As followers of Jesus, should we “unhitch” ourselves from the Old Testament, as Pastor Andy Stanley recently claimed? God forbid. To do so is to make a grave mistake. It would be like “unhitching” our torsos from our legs. Or demolishing the first story of a house once the second story was completed.
Now, to be clear, Pastor Stanley has expressed his strong belief in the inspiration of the entire Bible. And he has preached lengthy series based on Old Testament books. And the purpose of his recent, controversial message is to reach those who have been turned off by religion, or who find it difficult to relate to certain Old Testament texts.
His message for them is simple: Start with Jesus! He came to introduce something totally new.
But in his zeal to reach the lost, he has dangerously overstated his case.
According to Pastor Stanley, “[First century] Church leaders unhitched the church from the worldview, value system, and regulations of the Jewish scriptures.
“Peter, James, Paul elected to unhitch the Christian faith from their Jewish scriptures, and my friends, we must as well.”
Actually, Peter, James (actually, Jacob), and Paul would be mortified by such claims.
Pastor Stanely even argued that, “Jesus’ new covenant, His covenant with the nations, His covenant with you, His covenant with us, can stand on its own two nail-scarred resurrection feet. It does not need propping up by the Jewish scriptures.”
This is so wrong on so many levels that it would take a whole book to refute. But here, at least, is a brief response. (Those wanting to dig deeper could start with Chapters 11 and 12 of my book Hyper-Grace.)

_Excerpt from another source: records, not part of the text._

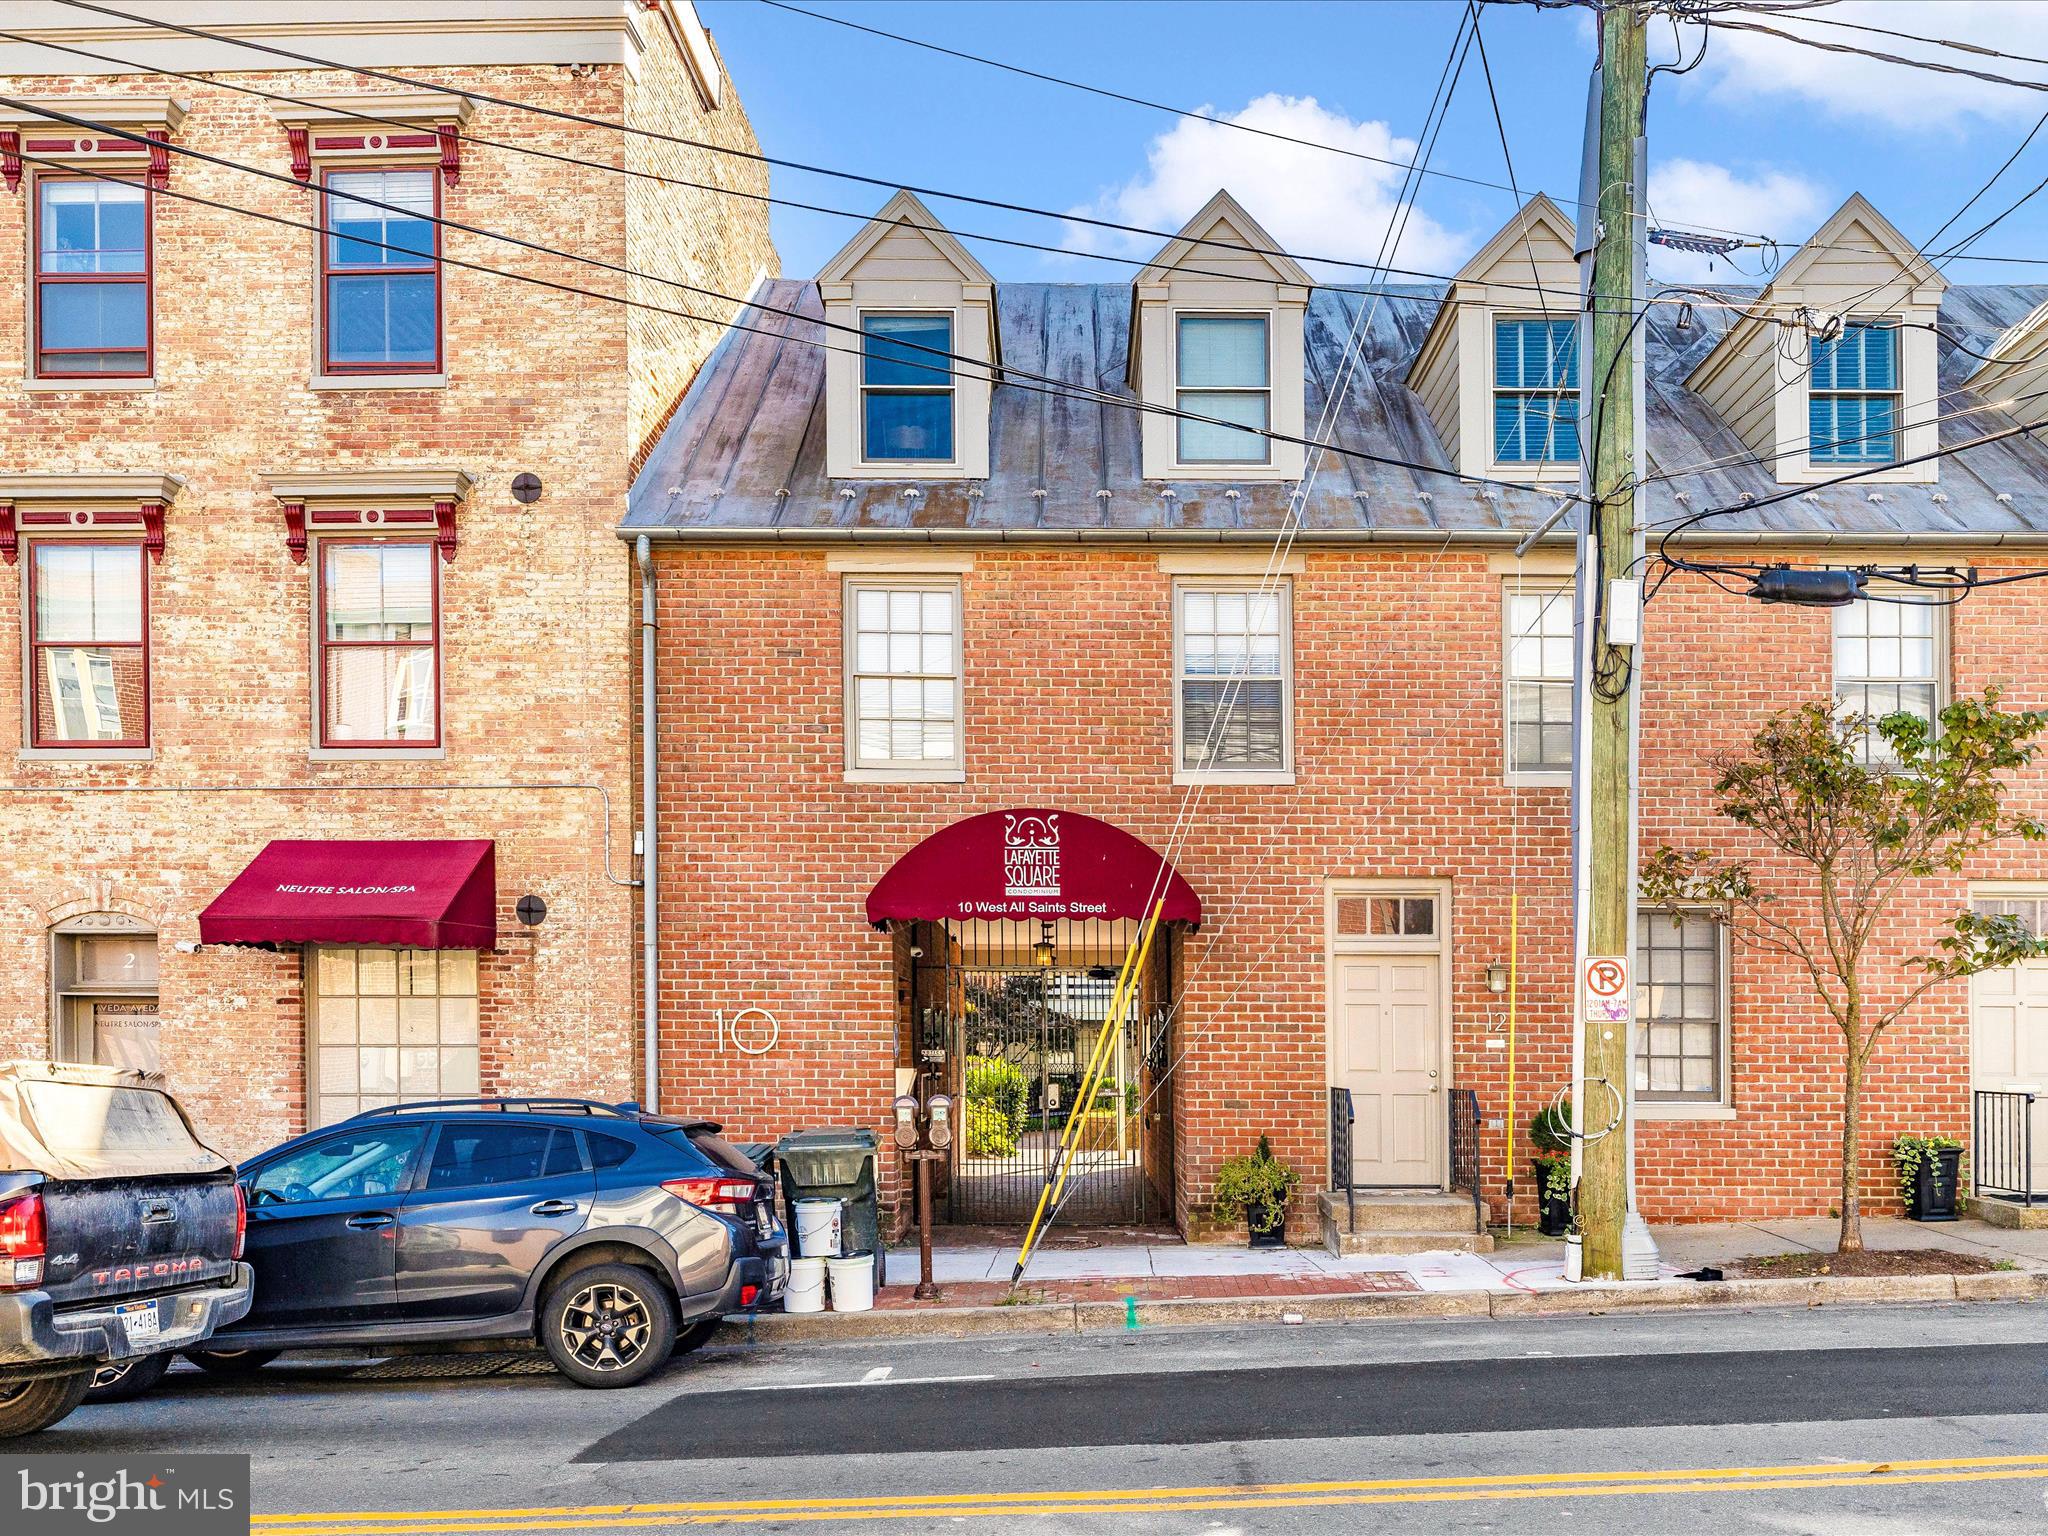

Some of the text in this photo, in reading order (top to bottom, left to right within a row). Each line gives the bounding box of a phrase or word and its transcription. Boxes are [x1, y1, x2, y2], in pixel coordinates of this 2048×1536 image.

[1004, 849, 1060, 865] LAFAYETTE
[1005, 866, 1061, 886] SQUARE
[276, 884, 416, 895] NEUTRE SALON/SPA
[958, 901, 1107, 913] 10 West All Saints Street
[123, 953, 136, 969] 2
[96, 1004, 128, 1012] AVEDA
[1487, 1011, 1507, 1032] 12
[715, 1007, 779, 1055] 10
[92, 1258, 203, 1285] TACOMA

First, in Matthew 5:17-20, Jesus said that He did not come to abolish the Law or Prophets but to fulfill. In other words, He did not cancel, He confirmed (see Romans 15:8-9). He did not remove the foundations, He strengthened the foundations. Accordingly, Paul wrote, “Do we then overthrow the law by this faith? By no means! On the contrary, we uphold the law” (Romans 3:31).

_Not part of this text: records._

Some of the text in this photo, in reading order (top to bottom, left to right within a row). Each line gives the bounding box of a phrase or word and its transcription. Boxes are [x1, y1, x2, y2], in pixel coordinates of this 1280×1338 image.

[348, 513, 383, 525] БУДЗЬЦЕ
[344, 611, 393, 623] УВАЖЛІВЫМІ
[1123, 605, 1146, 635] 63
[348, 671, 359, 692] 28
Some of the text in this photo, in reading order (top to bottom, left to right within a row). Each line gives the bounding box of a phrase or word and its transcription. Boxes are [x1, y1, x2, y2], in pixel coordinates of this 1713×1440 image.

In stark contrast, Pastor Stanley interpreted Jesus to be saying, “I am in fact replacing. I’m not going to change what you’ve always been taught. I’m going to challenge you to abandon what you have been taught.”
Had Jesus done this, He would rightly have been rejected as a false prophet and false teacher and false Messiah.
Did He challenge His people to reject man-made traditions? Absolutely, many times. Did He challenge them to abandon wrong things they had learned about their sacred Scriptures? Yes, he did. Did He challenge them to abandon the sacred Scriptures themselves? Heaven forbid.
In his message, Pastor Stanley said that “the Law and the Prophets, the old covenant, had an expiration date.” But it is this imprecision that is so dangerous, since “the old covenant,” meaning the Sinai Covenant, did have an expiration date on it (see Jeremiah 31:31-34). The Law and the Prophets – the Jewish Scriptures – did not.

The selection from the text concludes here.